Ist es vorstellbar, dass jemand ausschließlich soziale Beziehungen hat, die über Geld geregelt werden? Mit einem Arbeitsplatz, einem bereits bestehenden Vermögen oder staatliche Leistungen sind die Mittel da, um warm zu wohnen und zu essen. Alle möglichen kostenpflichtigen Mediendienste bieten Ablenkung. Gastronomie und andere Erlebnisorte wie Fitnessstudio oder Museum sind alle für einen Preis zu haben. Alle möglichen Drogen können für gute Stimmung sorgen.
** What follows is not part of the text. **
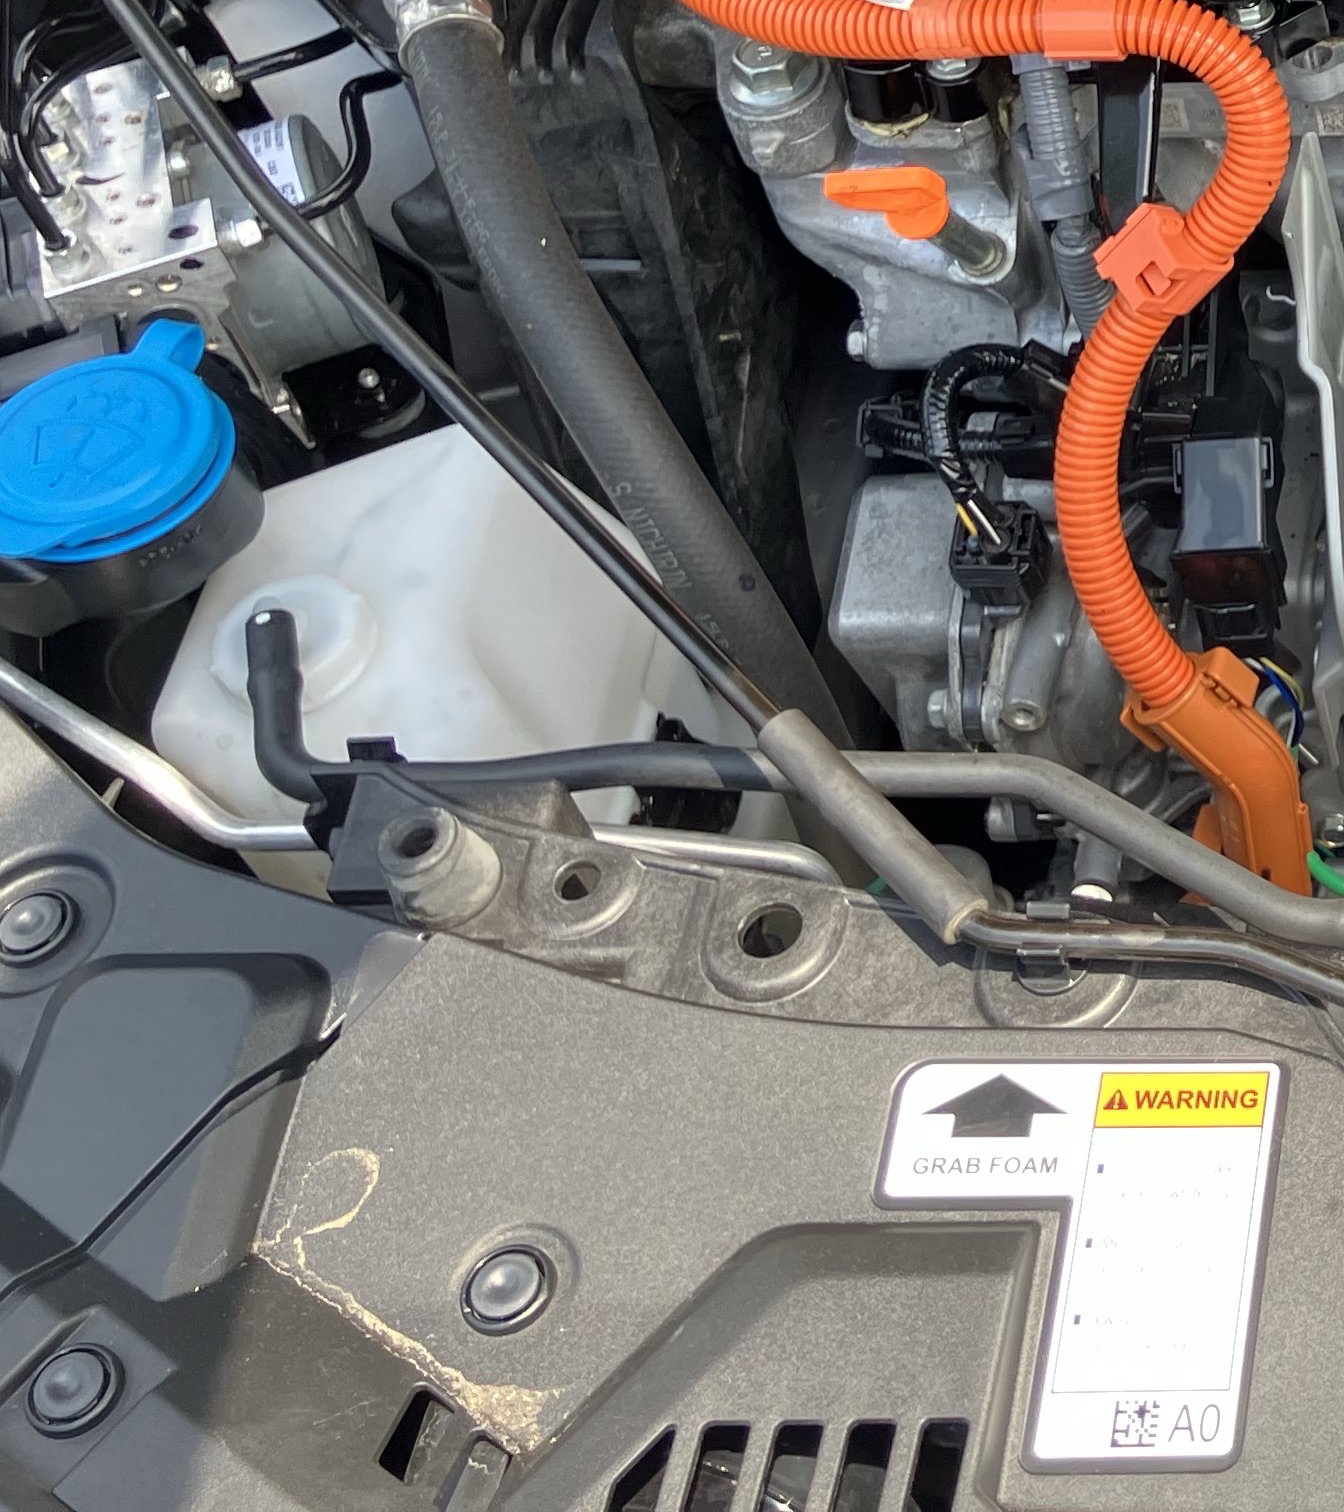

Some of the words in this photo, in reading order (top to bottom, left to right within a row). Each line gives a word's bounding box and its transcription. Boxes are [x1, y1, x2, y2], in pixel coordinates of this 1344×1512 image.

Psychotherapie bietet ein offenes Ohr, Massage und Prostitution den erwünschten Körperkontakt.

Kurz, jemand der keinerlei Beziehung zu Familienangehörigen, Freunden oder Bekannten pflegt, keine Vereinsaktivitäten, Ehrenämter, politisches Engagement oder ähnliches verfolgt und alle Kontakte außerhalb von geldvermitteltem Austausch meidet.

Das ist nicht nur vorstellbar, die Wahrscheinlichkeit ist hoch, dass es gar nicht so wenige dieser letzten Menschen des Kapitalismus gibt. Theoretiker wie Karl Polanyi gingen davon aus, dass eine Gesellschaft, die ausschließlich aus solchen Menschen besteht, nicht tragfähig wäre, dass es einen sozialen Kitt aus langfristigen Beziehungen brauche, die über finanzielle Transaktionen hinausgehen. Die These ist zumindest bisher noch nicht widerlegt.